- The problem: The answer must be an exact copy of all the data below.

- Record extracts:
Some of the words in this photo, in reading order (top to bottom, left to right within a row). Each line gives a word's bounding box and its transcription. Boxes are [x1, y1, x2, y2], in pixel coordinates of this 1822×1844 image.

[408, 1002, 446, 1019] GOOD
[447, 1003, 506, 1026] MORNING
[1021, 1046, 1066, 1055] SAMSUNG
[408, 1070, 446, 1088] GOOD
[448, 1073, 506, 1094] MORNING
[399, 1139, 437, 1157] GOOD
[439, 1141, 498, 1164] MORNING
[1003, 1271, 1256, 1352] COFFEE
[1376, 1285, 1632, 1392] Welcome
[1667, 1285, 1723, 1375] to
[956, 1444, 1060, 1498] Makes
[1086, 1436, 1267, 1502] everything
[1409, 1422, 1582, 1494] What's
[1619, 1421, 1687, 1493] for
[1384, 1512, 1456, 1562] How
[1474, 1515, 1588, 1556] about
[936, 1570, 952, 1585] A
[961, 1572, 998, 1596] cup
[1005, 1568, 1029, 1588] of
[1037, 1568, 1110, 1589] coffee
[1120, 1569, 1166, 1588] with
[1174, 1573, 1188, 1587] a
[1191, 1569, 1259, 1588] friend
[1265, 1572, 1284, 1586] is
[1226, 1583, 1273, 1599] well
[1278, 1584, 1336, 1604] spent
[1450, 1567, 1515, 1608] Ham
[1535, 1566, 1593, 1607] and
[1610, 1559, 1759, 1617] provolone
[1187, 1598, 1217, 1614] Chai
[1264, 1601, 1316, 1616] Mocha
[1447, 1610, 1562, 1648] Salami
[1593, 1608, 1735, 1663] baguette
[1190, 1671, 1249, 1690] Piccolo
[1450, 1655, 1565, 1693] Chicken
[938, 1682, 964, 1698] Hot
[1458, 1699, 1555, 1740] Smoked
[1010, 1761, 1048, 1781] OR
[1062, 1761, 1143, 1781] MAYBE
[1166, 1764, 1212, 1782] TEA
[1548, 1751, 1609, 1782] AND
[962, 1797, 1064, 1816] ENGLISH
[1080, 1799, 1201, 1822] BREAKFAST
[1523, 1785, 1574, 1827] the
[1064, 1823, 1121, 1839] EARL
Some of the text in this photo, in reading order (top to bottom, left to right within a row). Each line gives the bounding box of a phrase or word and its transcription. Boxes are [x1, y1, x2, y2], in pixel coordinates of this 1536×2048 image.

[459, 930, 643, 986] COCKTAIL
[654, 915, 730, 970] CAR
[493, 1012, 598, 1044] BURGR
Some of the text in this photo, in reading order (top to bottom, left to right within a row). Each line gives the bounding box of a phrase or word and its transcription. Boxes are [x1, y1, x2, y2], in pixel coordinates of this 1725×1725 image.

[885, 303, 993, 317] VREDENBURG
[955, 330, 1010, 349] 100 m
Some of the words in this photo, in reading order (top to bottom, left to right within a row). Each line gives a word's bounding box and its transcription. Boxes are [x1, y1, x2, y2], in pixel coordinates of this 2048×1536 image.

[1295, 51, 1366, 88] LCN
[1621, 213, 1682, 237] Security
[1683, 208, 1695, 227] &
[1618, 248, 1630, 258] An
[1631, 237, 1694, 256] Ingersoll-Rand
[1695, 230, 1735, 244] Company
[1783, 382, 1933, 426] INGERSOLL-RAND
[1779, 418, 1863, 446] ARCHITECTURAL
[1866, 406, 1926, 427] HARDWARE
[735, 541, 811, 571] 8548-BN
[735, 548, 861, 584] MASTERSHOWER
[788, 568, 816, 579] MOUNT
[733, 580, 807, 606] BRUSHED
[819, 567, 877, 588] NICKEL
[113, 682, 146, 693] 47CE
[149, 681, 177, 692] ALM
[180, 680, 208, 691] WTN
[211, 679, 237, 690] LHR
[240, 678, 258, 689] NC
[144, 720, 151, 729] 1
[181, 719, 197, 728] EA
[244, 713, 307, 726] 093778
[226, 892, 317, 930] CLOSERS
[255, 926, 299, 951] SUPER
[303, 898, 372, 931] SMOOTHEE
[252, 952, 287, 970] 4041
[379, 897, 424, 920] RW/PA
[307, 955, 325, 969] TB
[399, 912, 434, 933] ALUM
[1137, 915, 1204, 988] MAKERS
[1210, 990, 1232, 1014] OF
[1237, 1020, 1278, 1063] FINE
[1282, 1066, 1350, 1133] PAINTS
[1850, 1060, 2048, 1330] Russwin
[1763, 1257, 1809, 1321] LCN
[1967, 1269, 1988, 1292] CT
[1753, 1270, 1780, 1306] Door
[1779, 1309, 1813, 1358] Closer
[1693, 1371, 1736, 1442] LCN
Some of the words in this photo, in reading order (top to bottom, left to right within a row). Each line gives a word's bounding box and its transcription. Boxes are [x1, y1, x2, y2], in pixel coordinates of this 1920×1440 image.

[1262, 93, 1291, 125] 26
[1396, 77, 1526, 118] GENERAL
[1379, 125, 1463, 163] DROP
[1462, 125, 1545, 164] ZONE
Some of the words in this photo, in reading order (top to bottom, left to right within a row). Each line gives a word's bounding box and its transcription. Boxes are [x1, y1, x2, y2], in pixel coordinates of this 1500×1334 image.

- Expected answer:
Some of the words in this photo, in reading order (top to bottom, left to right within a row). Each line gives a word's bounding box and its transcription. Boxes are [x1, y1, x2, y2], in pixel coordinates of this 1822×1844 image.

[408, 1002, 446, 1019] GOOD
[447, 1003, 506, 1026] MORNING
[1021, 1046, 1066, 1055] SAMSUNG
[408, 1070, 446, 1088] GOOD
[448, 1073, 506, 1094] MORNING
[399, 1139, 437, 1157] GOOD
[439, 1141, 498, 1164] MORNING
[1003, 1271, 1256, 1352] COFFEE
[1376, 1285, 1632, 1392] Welcome
[1667, 1285, 1723, 1375] to
[956, 1444, 1060, 1498] Makes
[1086, 1436, 1267, 1502] everything
[1409, 1422, 1582, 1494] What's
[1619, 1421, 1687, 1493] for
[1384, 1512, 1456, 1562] How
[1474, 1515, 1588, 1556] about
[936, 1570, 952, 1585] A
[961, 1572, 998, 1596] cup
[1005, 1568, 1029, 1588] of
[1037, 1568, 1110, 1589] coffee
[1120, 1569, 1166, 1588] with
[1174, 1573, 1188, 1587] a
[1191, 1569, 1259, 1588] friend
[1265, 1572, 1284, 1586] is
[1226, 1583, 1273, 1599] well
[1278, 1584, 1336, 1604] spent
[1450, 1567, 1515, 1608] Ham
[1535, 1566, 1593, 1607] and
[1610, 1559, 1759, 1617] provolone
[1187, 1598, 1217, 1614] Chai
[1264, 1601, 1316, 1616] Mocha
[1447, 1610, 1562, 1648] Salami
[1593, 1608, 1735, 1663] baguette
[1190, 1671, 1249, 1690] Piccolo
[1450, 1655, 1565, 1693] Chicken
[938, 1682, 964, 1698] Hot
[1458, 1699, 1555, 1740] Smoked
[1010, 1761, 1048, 1781] OR
[1062, 1761, 1143, 1781] MAYBE
[1166, 1764, 1212, 1782] TEA
[1548, 1751, 1609, 1782] AND
[962, 1797, 1064, 1816] ENGLISH
[1080, 1799, 1201, 1822] BREAKFAST
[1523, 1785, 1574, 1827] the
[1064, 1823, 1121, 1839] EARL
Some of the text in this photo, in reading order (top to bottom, left to right within a row). Each line gives the bounding box of a phrase or word and its transcription. Boxes are [x1, y1, x2, y2], in pixel coordinates of this 1536×2048 image.

[459, 930, 643, 986] COCKTAIL
[654, 915, 730, 970] CAR
[493, 1012, 598, 1044] BURGR
Some of the text in this photo, in reading order (top to bottom, left to right within a row). Each line gives the bounding box of a phrase or word and its transcription. Boxes are [x1, y1, x2, y2], in pixel coordinates of this 1725×1725 image.

[885, 303, 993, 317] VREDENBURG
[955, 330, 1010, 349] 100 m
Some of the words in this photo, in reading order (top to bottom, left to right within a row). Each line gives a word's bounding box and its transcription. Boxes are [x1, y1, x2, y2], in pixel coordinates of this 2048×1536 image.

[1295, 51, 1366, 88] LCN
[1621, 213, 1682, 237] Security
[1683, 208, 1695, 227] &
[1618, 248, 1630, 258] An
[1631, 237, 1694, 256] Ingersoll-Rand
[1695, 230, 1735, 244] Company
[1783, 382, 1933, 426] INGERSOLL-RAND
[1779, 418, 1863, 446] ARCHITECTURAL
[1866, 406, 1926, 427] HARDWARE
[735, 541, 811, 571] 8548-BN
[735, 548, 861, 584] MASTERSHOWER
[788, 568, 816, 579] MOUNT
[733, 580, 807, 606] BRUSHED
[819, 567, 877, 588] NICKEL
[113, 682, 146, 693] 47CE
[149, 681, 177, 692] ALM
[180, 680, 208, 691] WTN
[211, 679, 237, 690] LHR
[240, 678, 258, 689] NC
[144, 720, 151, 729] 1
[181, 719, 197, 728] EA
[244, 713, 307, 726] 093778
[226, 892, 317, 930] CLOSERS
[255, 926, 299, 951] SUPER
[303, 898, 372, 931] SMOOTHEE
[252, 952, 287, 970] 4041
[379, 897, 424, 920] RW/PA
[307, 955, 325, 969] TB
[399, 912, 434, 933] ALUM
[1137, 915, 1204, 988] MAKERS
[1210, 990, 1232, 1014] OF
[1237, 1020, 1278, 1063] FINE
[1282, 1066, 1350, 1133] PAINTS
[1850, 1060, 2048, 1330] Russwin
[1763, 1257, 1809, 1321] LCN
[1967, 1269, 1988, 1292] CT
[1753, 1270, 1780, 1306] Door
[1779, 1309, 1813, 1358] Closer
[1693, 1371, 1736, 1442] LCN
Some of the words in this photo, in reading order (top to bottom, left to right within a row). Each line gives a word's bounding box and its transcription. Boxes are [x1, y1, x2, y2], in pixel coordinates of this 1920×1440 image.

[1262, 93, 1291, 125] 26
[1396, 77, 1526, 118] GENERAL
[1379, 125, 1463, 163] DROP
[1462, 125, 1545, 164] ZONE
Some of the words in this photo, in reading order (top to bottom, left to right within a row). Each line gives a word's bounding box and its transcription. Boxes are [x1, y1, x2, y2], in pixel coordinates of this 1500×1334 image.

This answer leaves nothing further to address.